Et ayant ainsi rabroué le jeune homme, il se tourna plus gracieusement vers Rutherford.

— Évidemment, avec vous c’est sans grande importance, mais je suis certain que vous comprenez sans peine qu’il est parfois nécessaire d’envelopper ces incidents de frontière d’un léger mystère.

— Ce qui n’empêche pas, ajouta sèchement Rutherford, que l’on a une furieuse envie de savoir la vérité.

— Elle n’a jamais été cachée à quiconque ayant de bonnes raisons pour désirer la connaître. Je puis vous l’affirmer, car je me trouvais à Peshawar à ce moment-là. Connaissiez-vous bien Conway – je veux dire, l’avez-vous revu après l’école ?

— Juste un peu à Oxford, et ensuite une ou deux fois par hasard. L’avez-vous souvent rencontré ?

— À Ankara, quand j’y étais attaché, nous nous sommes vus de temps en temps.

— L’aimiez-vous ?

— Je le trouvais intelligent, mais plutôt nonchalant.

Rutherford sourit.

— Il était certainement très calé et commençait une brillante carrière universitaire, quand la guerre éclata. En outre, excellent rameur, orateur consommé et détenteur de prix de toutes sortes – et aussi, j’estime, le meilleur pianiste amateur que j’aie jamais entendu. Un type très doué – le genre, semble-t-il, que Jowett désignerait comme futur premier ministre. Et pourtant, on n’entendait pas beaucoup parler de lui à Oxford. La guerre interrompit sa carrière, évidemment. Je crois qu’il en a fait la majeure partie ; il est parti en pleine jeunesse.
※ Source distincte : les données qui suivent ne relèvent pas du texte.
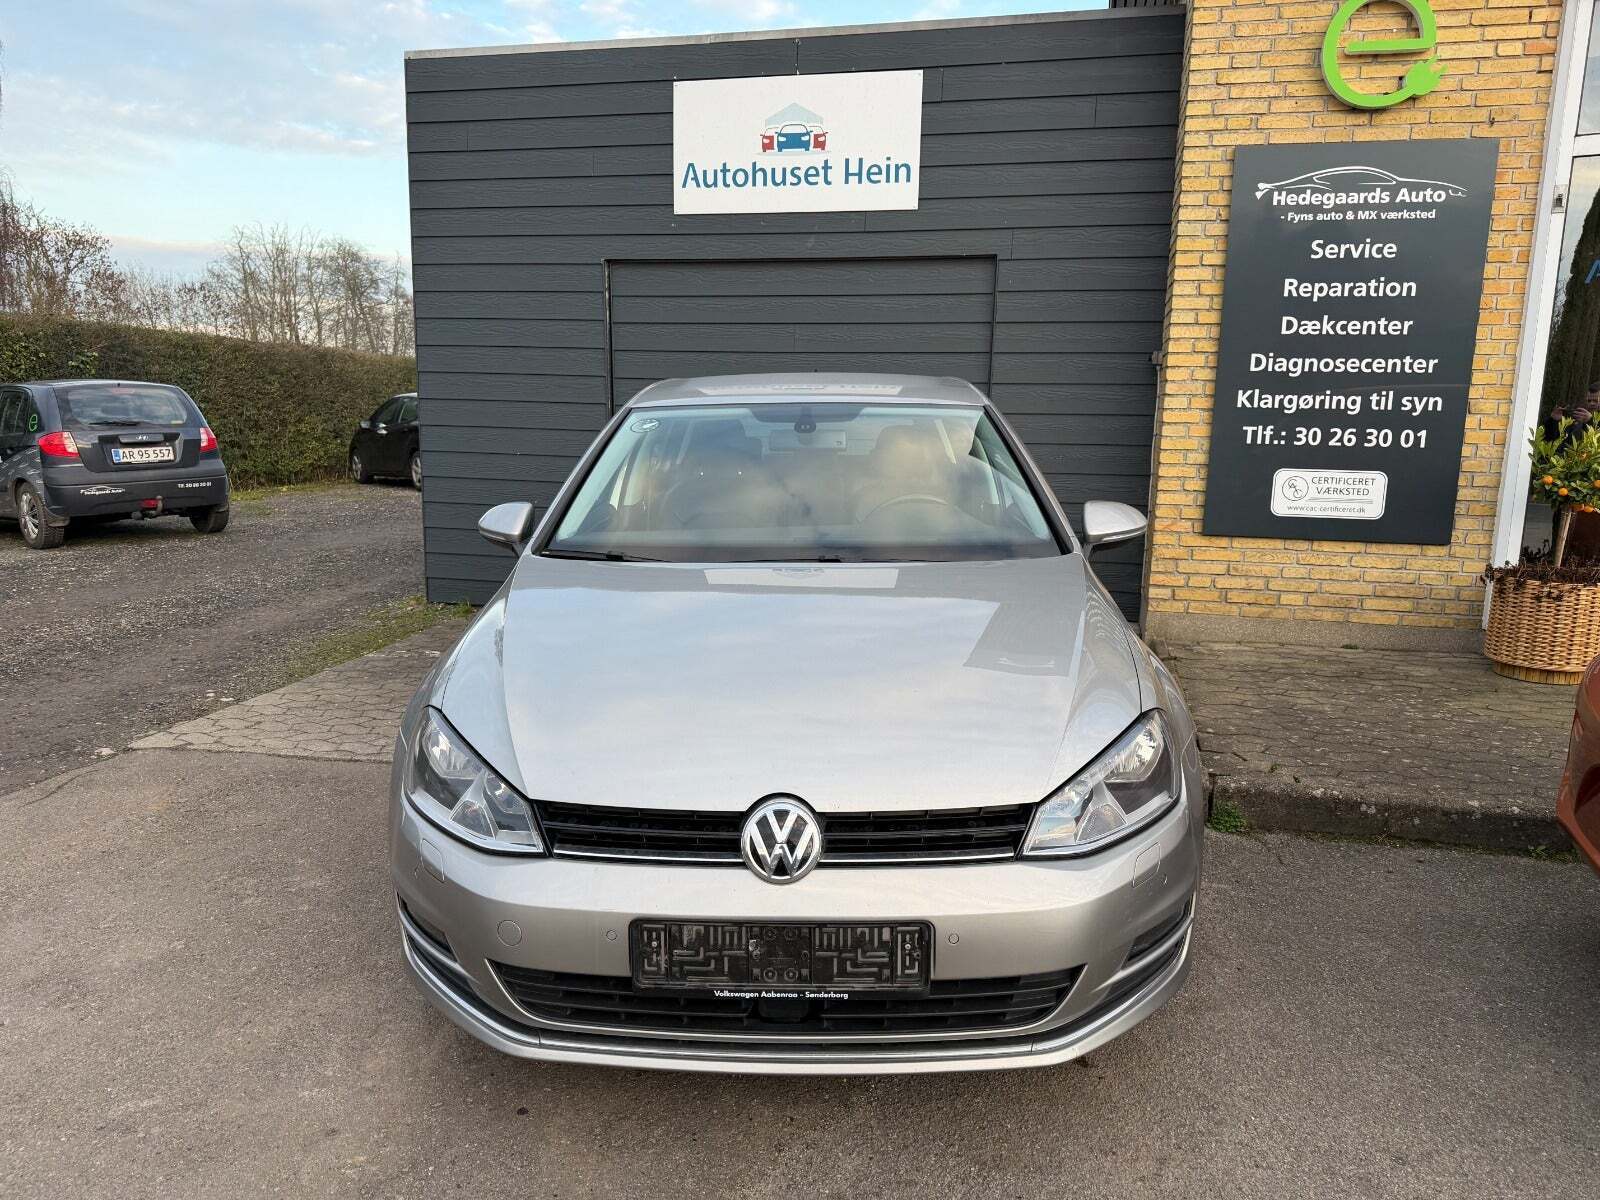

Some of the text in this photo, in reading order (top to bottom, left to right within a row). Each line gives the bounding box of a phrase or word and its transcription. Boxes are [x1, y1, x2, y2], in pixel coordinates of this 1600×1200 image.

— Il a été gazé, ou autre chose, répondit Wyland, mais pas gravement. Il a bien réussi – décroché une D.S.O.[1] en France. Puis je crois qu’il est retourné à Oxford pour une courte période, à la tête d’un collège. Je sais qu’il est parti en Asie en 21. Sa connaissance des langues orientales lui a procuré une place sans aucun des préliminaires habituels. Il a occupé différents postes.

Le sourire de Rutherford s’élargit.

— Alors, c’est tout dire, l’histoire ne révélera jamais la quantité d’intelligence gaspillée dans la routine de déchiffrer des notes du Ministère des Affaires étrangères ou d’assister à des réceptions de Légation.
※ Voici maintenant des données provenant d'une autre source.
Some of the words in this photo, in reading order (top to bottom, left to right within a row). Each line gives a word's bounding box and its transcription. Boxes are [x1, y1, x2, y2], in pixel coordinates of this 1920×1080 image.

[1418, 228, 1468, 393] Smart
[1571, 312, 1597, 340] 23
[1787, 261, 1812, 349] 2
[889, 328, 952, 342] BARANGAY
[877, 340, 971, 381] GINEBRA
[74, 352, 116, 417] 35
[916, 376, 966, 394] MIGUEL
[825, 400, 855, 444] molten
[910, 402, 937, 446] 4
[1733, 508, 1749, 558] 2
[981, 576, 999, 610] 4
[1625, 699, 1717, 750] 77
— Il était dans le service consulaire, pas dans le service diplomatique, dit Wyland d’un air digne.

Il était évident que ce dernier n’avait pas envie de plaisanter et il ne protesta pas quand, après un léger badinage du même genre, Rutherford se leva pour partir. De toute façon, il se faisait tard et je manifestai également l’intention de m’en aller. Lorsque nous fîmes nos adieux l’attitude de Wyland était toujours celle de quelqu’un qui souffre dans sa dignité officielle, mais celle de Sanders était empreinte de cordialité et il dit espérer nous revoir un jour.

Je devais prendre un train transcontinental au petit jour et, tandis que nous attendions un taxi, Rutherford me demanda si j’aimerais passer ces quelques heures à son hôtel. Il avait un appartement, me dit-il, et nous pourrions bavarder ensemble. Je lui affirmai que ce serait avec le plus grand plaisir et il répondit :

— Bien. Nous pourrons parler de Conway, si vous voulez – à moins que vous n’ayez par-dessus la tête de cette histoire.

Je lui assurai que non, bien que je l’eusse à peine connu.

— Il est parti à la fin de mon premier semestre et je ne l’ai jamais revu ensuite. Mais il a été excessivement gentil avec moi à une certaine occasion – j’étais nouvel arrivé et il n’y avait aucune raison pour qu’il fît ce qu’il a fait. C’était une petite chose, mais je ne l’ai jamais oubliée.

Rutherford acquiesça.

— Oui, je l’aimais aussi beaucoup, bien que, tout compte fait, je l’eusse très peu vu.

Et alors suivit un silence étrange, dans lequel il était manifeste que nous pensions tous deux à quelqu’un qui avait eu, pour nous, beaucoup plus d’importance qu’on n’aurait pu le supposer d’après nos rencontres fortuites. Depuis, je me suis souvent rendu compte que tous ceux qui avaient connu Conway, ne fût-ce qu’au cours d’entrevues protocolaires et pour peu de temps, gardaient de lui un souvenir très vivace. Dans sa jeunesse, il était certainement remarquable et pour moi, qui le connus à l’âge où l’on s’emballe pour un héros, il reste une personnalité remarquable et empreinte de romanesque.